Thursday, October 28, 2010


Photo by Jane Blue

—Jane Blue, Sacramento

One crimson blossom of the Rose of Sharon peers
through the kitchen window, little hibiscus
of late Autumn.

What do you say?

That beauty is random.  You must look at it
and seize it.  That life goes on.

The sun so bright, ash leaves glitter as they fall.

Beauty is not random.  It belongs to the young.

Beauty is like a gun to your head.  Beauty
is like a ravaging disease.

Life does not go on.  The leaves are piled, swept
into dull mounds in the street, like
biers, like cairns.

Halloween:  fog comes, obscuring the fake
cobwebs and gigantic spiders
crawling up the children’s houses.

Let beauty fall on you as the sun,
that even above the fog, is there.  And at night,
the moon to reflect it.

The moon is dead.
Only the sun brings forth its beauty.


"I Am the Dream and the Dream is Now" RT Poetry Contest for Grades 3-12:

The Sacramento Regional Transit District (RT) is celebrating its 3rd annual Season of Civil Rights with a series of events during the months of December, January and February to build awareness about the significant role that transit played in the American Civil Rights Movement. In preparation, RT invites students in grades 3 through 12 who attend a school within RT's service area to participate in the "I Am the Dream and the Dream is Now" poetry contest. RT will display the winning poems on RT interior transit cards in each bus from December 1, 2010 through February 28, 2011 to commemorate RT's Season of Civil Rights. Winning poems will also be on display at special events during the three-month campaign, and winners will receive a $25 bookstore gift card and The Rosa Parks Story DVD. Deadline is November 12. Info:

Watch Medusa’s Up-coming Deadlines! page (under the SNAKE ON A ROD) for other deadlines, and don’t forget the extended Tule Review deadline is Oct. 30 (see b-board under SPC’s red box).

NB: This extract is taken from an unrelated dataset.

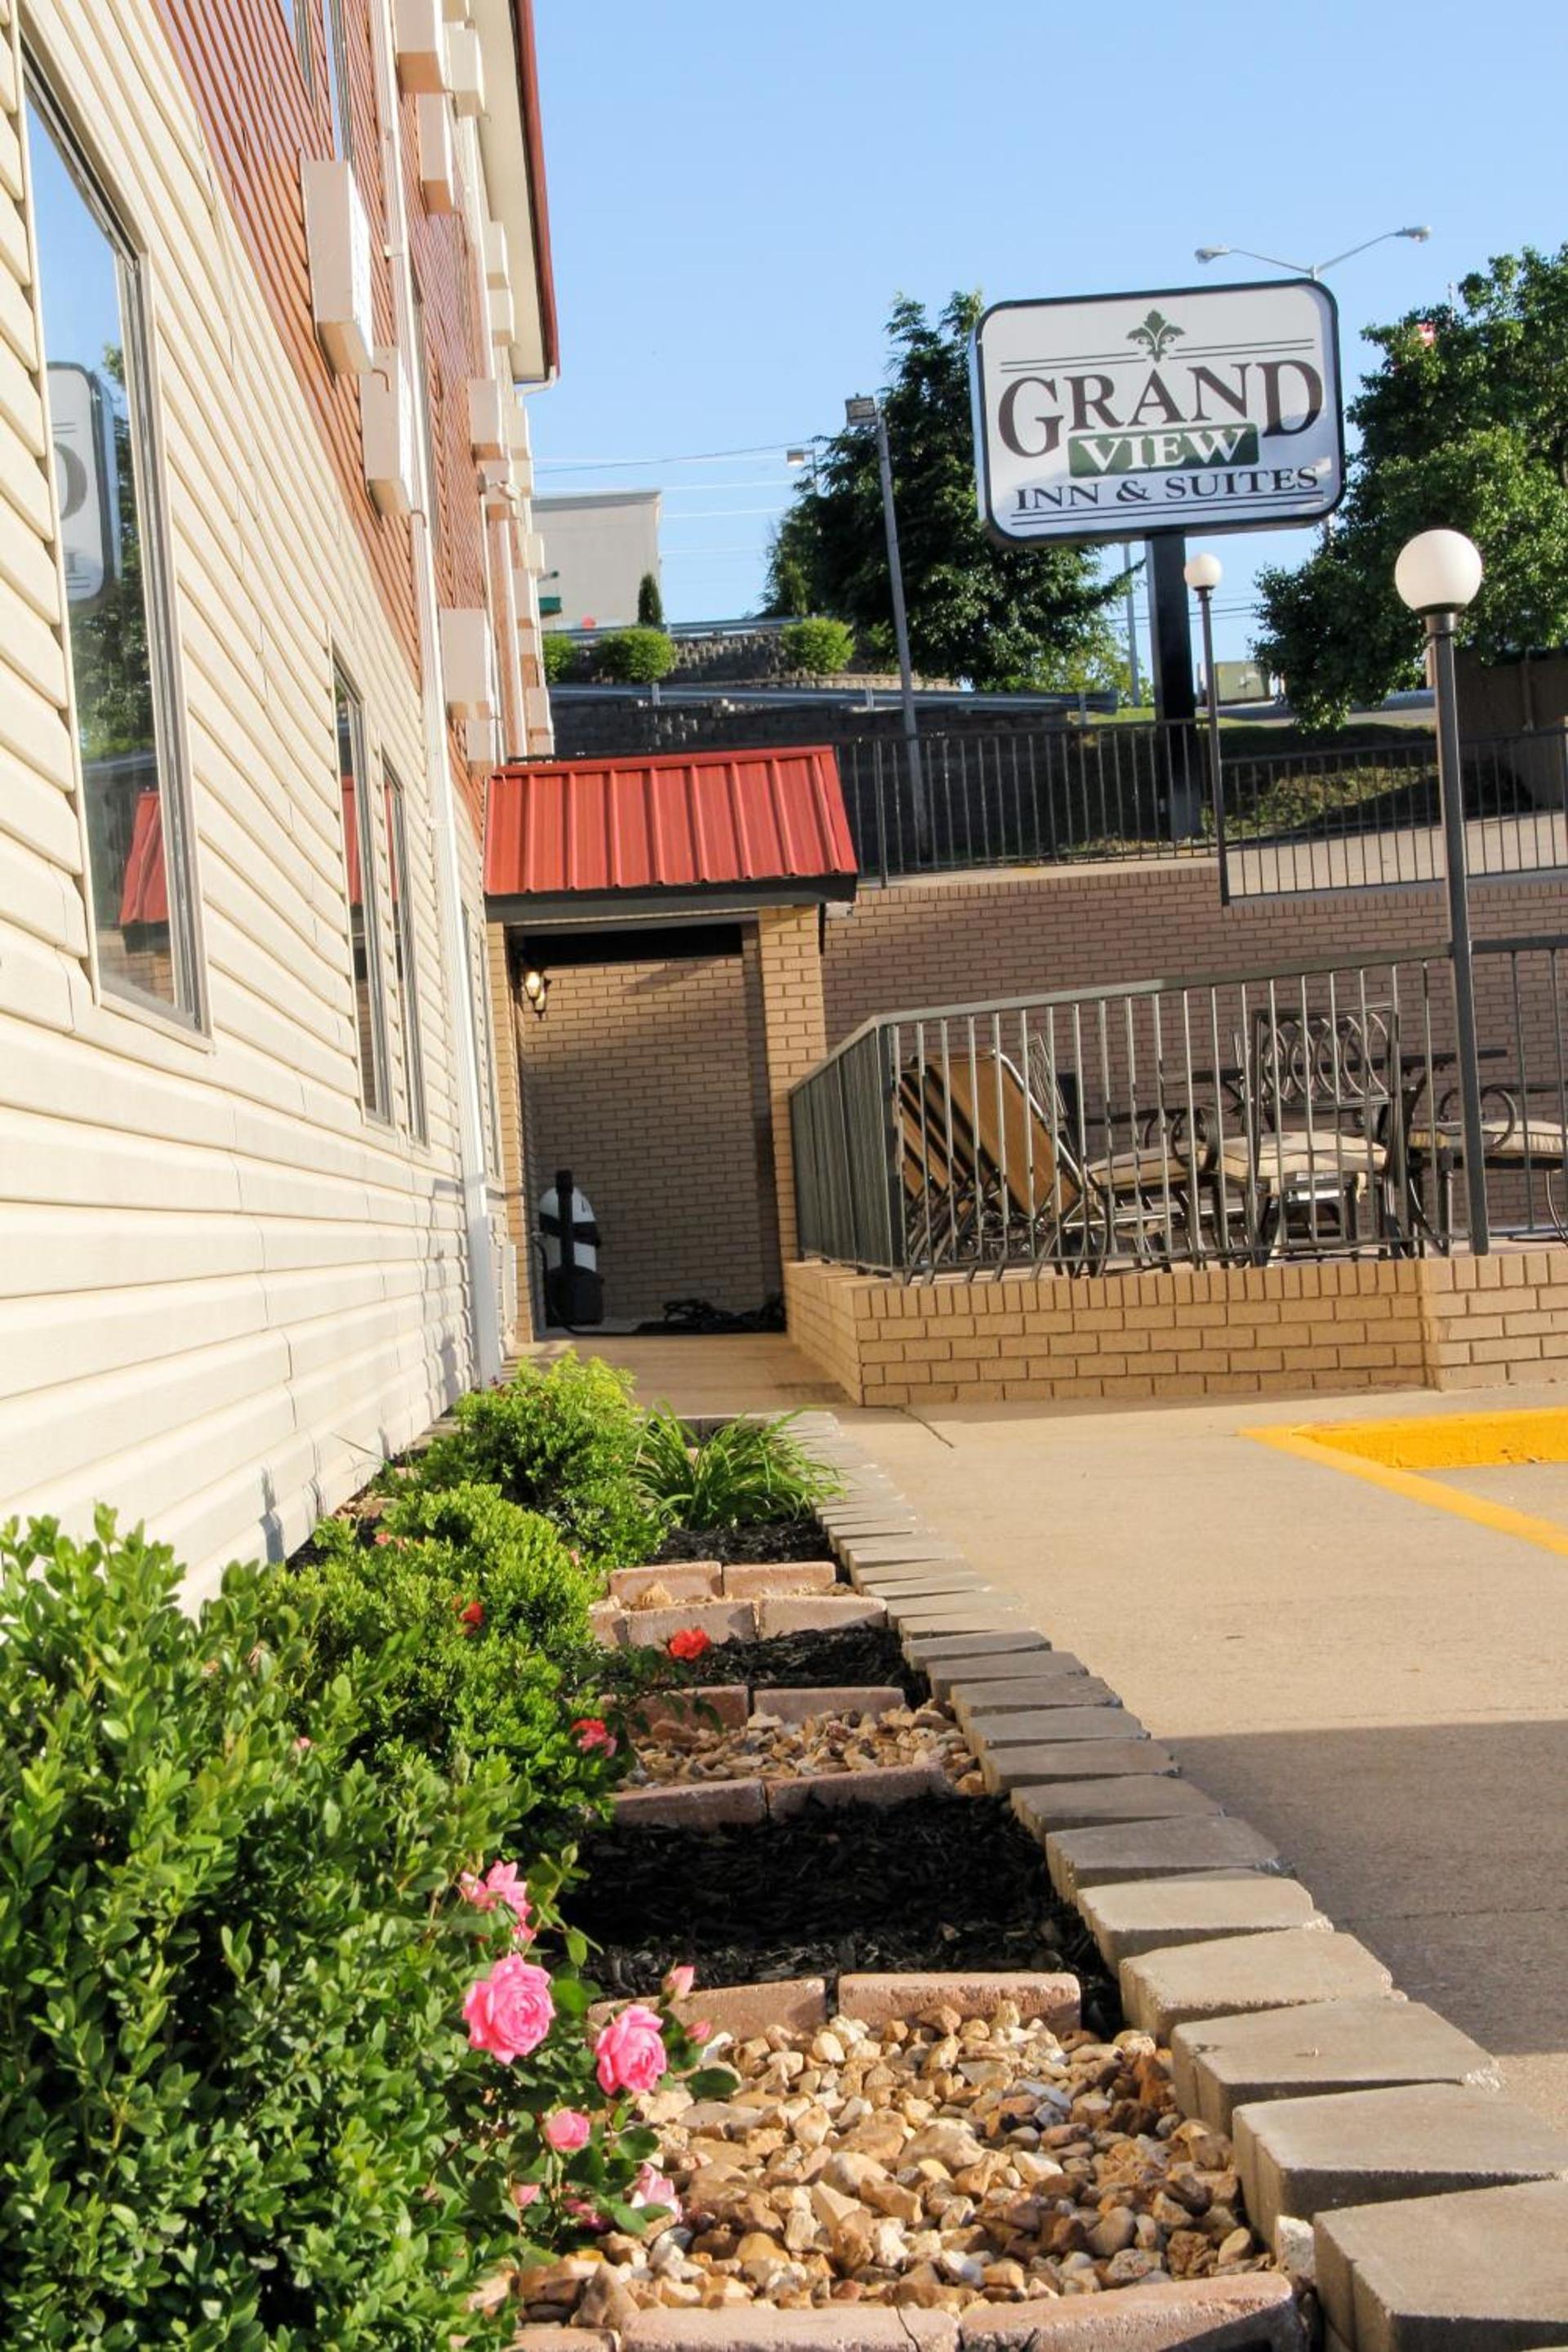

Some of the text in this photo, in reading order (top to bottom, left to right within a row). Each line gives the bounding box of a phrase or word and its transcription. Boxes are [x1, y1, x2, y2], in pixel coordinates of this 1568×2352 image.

[998, 359, 1323, 457] GRAND
[1079, 428, 1247, 473] VIEW
[1017, 466, 1318, 510] INN & SUITES

Thanks to today’s contributors, including this Pleiades from Carol Louise Moon. More about the Pleiades form next week!

—Carol Louise Moon, Sacramento

With longy ellow throats, the Yellowthroats cry
Witchery, Witchery, flying through the sky.
Woe! to the one who does not heed:
witches’ spell, witches’ brew, or witches’ breed.
White magic sing-songs
whisper through the trees
while Yellowthroats, on the wing, sing Witchery.


—Richard Zimmer, Sacramento

Now comes the haunting hour,
the sun is setting in the west,
Halloween has arrived—
Trick-or-Treaters start their quest.

On this day in late October,
Children hurry all around—
little boys in vampire garb,
little girls in witch’s gowns.

Climbing stairs for Gummy Bears,
sticky things for them to eat—
chocolate bars and candy corn,
the rewards are truly sweet.

All about the moonlit night,
happy children knock on doors.
Back home by pumpkin’s light,
candy pours on front room floors.


 Photo by Janet Pantoja

—Janet Pantoja, Woodinville, WA

What's rattling around
in the closet of your mind
this Halloween—spiders,
ghosts, goblins, witches,
warlocks, monsters, wolves,
dragons, a Frankenstein?

Thought pictures in all kinds
of disguises parade through
the closet of our minds . . .
weave subtle webs of entanglement
that would convince us that Good
could be undermined.

Shine a flashlight on these
thoughts—what do you see?
just fear . . . dressed up, lurking
powerless in a corner—as weak
as a spider's web—to be swept away 
by the Broom of Understanding.

So this Halloween dress up
in your scariest costume—
party—have a terrific time!
be on guard though . .  .
watch the door of your mind—
invite thoughts that are only Divine.


Today's LittleNip(s):

Here lies John Bun,
He was killed by a gun,
His name was not Bun, but Wood,
But Wood would not rhyme with gun, but Bun would.

Here lies Sir Tact, a diplomatic fellow
Whose silence was not golden, but just yellow.
                  —Timothy Steele

Here lies the preacher, judge, and poet, Peter
Who broke the laws of God, and man, and metre.
                  —Lord Jeffrey

Here, richly, with ridiculous display,
The Politician's corpse was laid away.
While all of his acquaintance sneered and slanged,
I wept: for I had longed to see him hanged.